File "/XXX/__main__.py", line 62, in main
cat_features = dict([(i - 2, len(feature_extraction.get_mapping(records, i)) + 1) for i in range(2,10)])
File "/workspace/pythonApp/BikeSharing/jarvis/usecase/bikesharing/feature/feature_extraction.py", line 13, in get_mapping
return rdd.map(lambda fields: fields[idx]).distinct().zipWithIndex().collectAsMap()
File "/opt/cloudera/parcels/CDH-5.8.2-1.cdh5.8.2.p0.3/lib/spark/python/lib/pyspark.zip/pyspark/rdd.py", line 2080, in zipWithIndex
File "/opt/cloudera/parcels/CDH-5.8.2-1.cdh5.8.2.p0.3/lib/spark/python/lib/pyspark.zip/pyspark/rdd.py", line 771, in collect
File "/opt/cloudera/parcels/CDH-5.8.2-1.cdh5.8.2.p0.3/lib/spark/python/lib/py4j-0.9-src.zip/py4j/java_gateway.py", line 813, in __call__
File "/opt/cloudera/parcels/CDH-5.8.2-1.cdh5.8.2.p0.3/lib/spark/python/lib/py4j-0.9-src.zip/py4j/protocol.py", line 308, in get_return_value
py4j.protocol.Py4JJavaError: An error occurred while calling z:org.apache.spark.api.python.PythonRDD.collectAndServe.

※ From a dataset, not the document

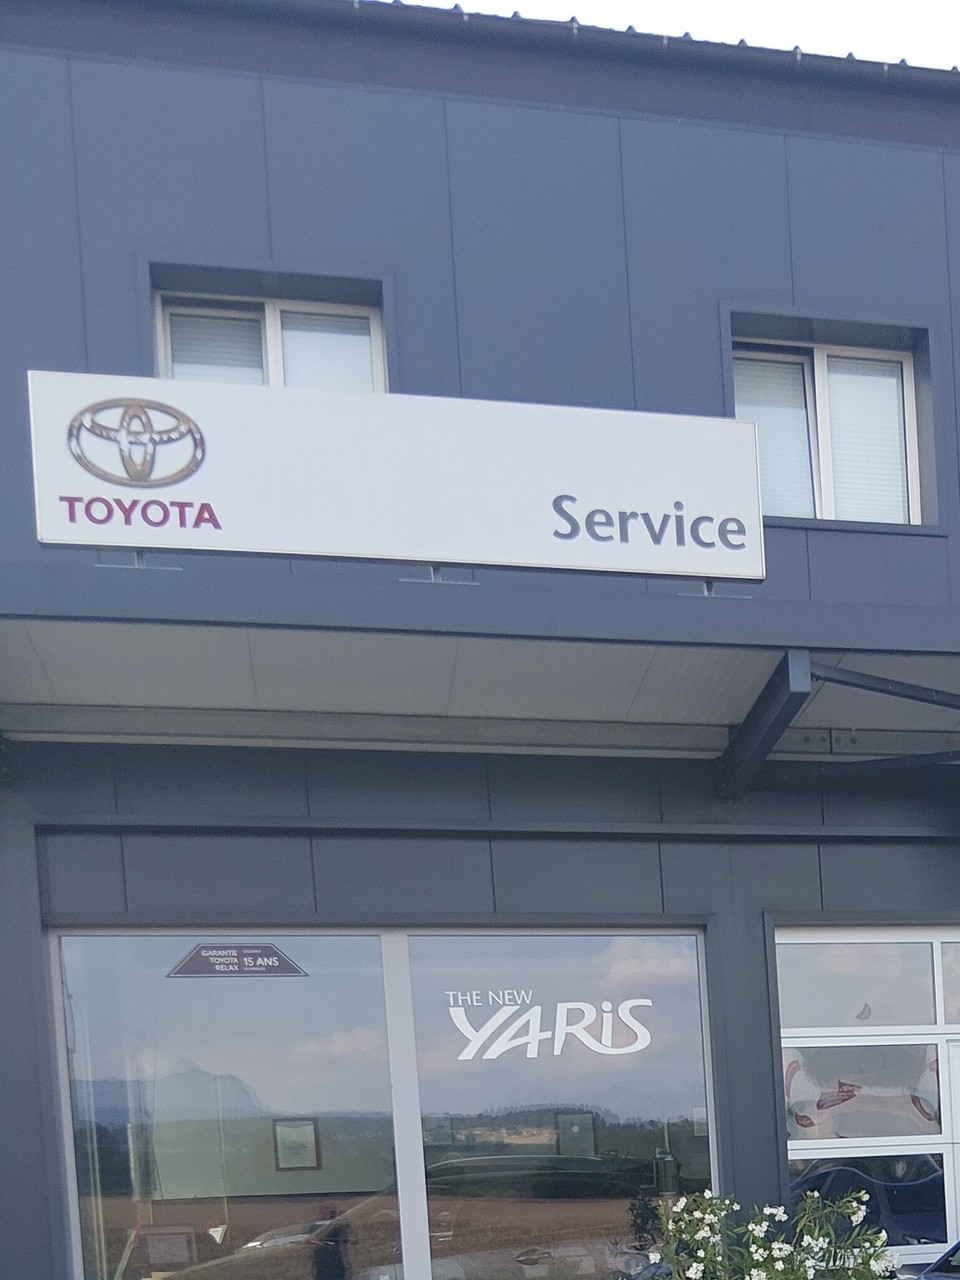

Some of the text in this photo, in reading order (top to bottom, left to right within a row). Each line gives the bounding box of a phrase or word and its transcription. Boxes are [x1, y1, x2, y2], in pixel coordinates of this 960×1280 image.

: org.apache.spark.SparkException: Job aborted due to stage failure: Task 1 in stage 0.0 failed 1 times, most recent failure: Lost task 1.0 in stage 0.0 (TID 1, localhost): java.io.IOException: Cannot run program "/opt/cloudera/parcels/CDH-5.8.2-1.cdh5.8.2.p0.3/lib/spark/python/lib/py4j-0.10.1-src.zip:/opt/cloudera/parcels/CDH-5.8.2-1.cdh5.8.2.p0.3/lib/spark/python/:/opt/cloudera/parcels/CDH-5.8.2-1.cdh5.8.2.p0.3/lib/spark/bin:/usr/local/sbin:/usr/local/bin:/usr/sbin:/usr/bin:/root/bin:/var/lib/hadoop-hdfs/.local/bin:/var/lib/hadoop-hdfs/bin:/workspace/pythonApp/BikeSharing:/opt/cloudera/parcels/Anaconda/bin/python": error=2, No such file or directory
at java.lang.ProcessBuilder.start(ProcessBuilder.java:1047)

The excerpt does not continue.